The US unemployment rate returned to a historic low of 3.5% in December. Not everyone is celebrating, however: Jobless rates for Black women and Latino men still haven’t recovered fully from the pandemic.
The unemployment rate for Black women aged 20 years and older rose to 5.5% in December, from 5.2% in November, according to the Bureau of Labor Statistics. It was 4.8% in February 2020, the month before Covid lockdowns rocked the US economy.
For Latino men, unemployment rose 0.4 percentage points to 4% last month, higher than the 3.1% unemployment rate in February 2020.

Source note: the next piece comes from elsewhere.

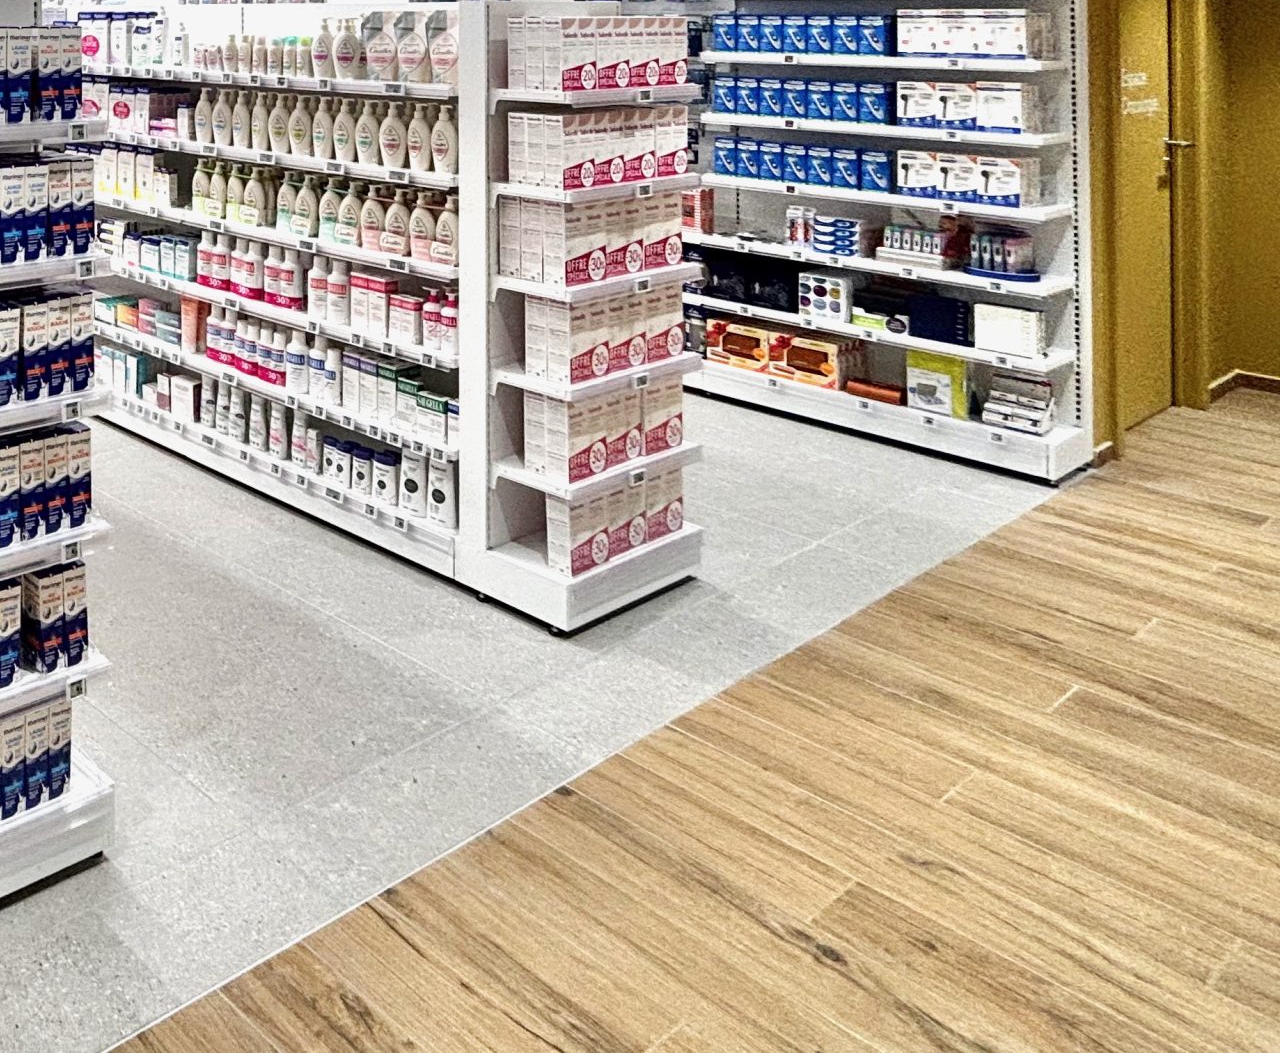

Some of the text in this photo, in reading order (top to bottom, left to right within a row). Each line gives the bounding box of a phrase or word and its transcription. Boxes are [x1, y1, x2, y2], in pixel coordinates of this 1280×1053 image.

But for many other demographics, unemployment is lower or the same now as it was before the pandemic. For White women 20 years and older, the rate was 2.8% in December. The jobless rate was around 2.5% for Asians, 3% for Whites, and 4% for Latinos, according to the BLS.
There are several reasons for the rise in unemployment for Black women and Latinos, said Kate Bahn, chief economist at the Washington Center for Equitable Growth, a nonprofit research and grantmaking organization.
Chief among those are the lingering effects of the pandemic, occupational segregation that crowds people of color in low-paying jobs, and women’s caregiving responsibilities within families???
“We’ve had a really remarkable recovery, but it appears as though Black women …we know they lost the most initially for a variety of reasons … have not yet recovered the same way other groups of workers have,” Bahn told CNN.
“What we saw was Black women were in this truly impossible position of being primary caregivers in families while working jobs that were hit (some of) the hardest in the pandemic,” Bahn said, noting that the retail, hospitality and health care sectors were disproportionately impacted by job loss and job risk.
Leisure and hospitality lost more than 8.2 million jobs at the outset of the pandemic, nearly half of the sector’s total employment in February 2020. During the past two years, those jobs have come back, but the sector is still nearly 5.5% below pre-pandemic employment levels, according to BLS data.
The Fed effect
The government’s current response to inflation may also be playing a role in rising unemployment for Latino men and Black women, Bahn said.
“Cooling the economy, the way the Fed is intentionally doing to mitigate inflation, it’s going to be those marginalized workers or workers with the least power who will lose initially,” she said. “So that might be some of what we’re seeing there as well.”
Hispanic workers are still trying to recover from early in the pandemic, when they suffered the highest unemployment rates on record. In April 2020, the Hispanic unemployment rate shot up to 18.1% after hovering at around 4% pre-pandemic, BLS data shows.
Latinos and Black workers are also up against structural racism and implicit bias, Bahn added, noting that “even people who may not hold racist beliefs will ultimately replicate racist outcomes.”
Employers are less likely to make job offers to Black people, Bahn said. And when they do, the money on the table is often lower. In addition, when company downsizing happens, Black employees are more likely to be laid off, she said.
“These things sort of all intersect with each other and just lead to, generally speaking, higher barriers to economic security for Black workers,” she said.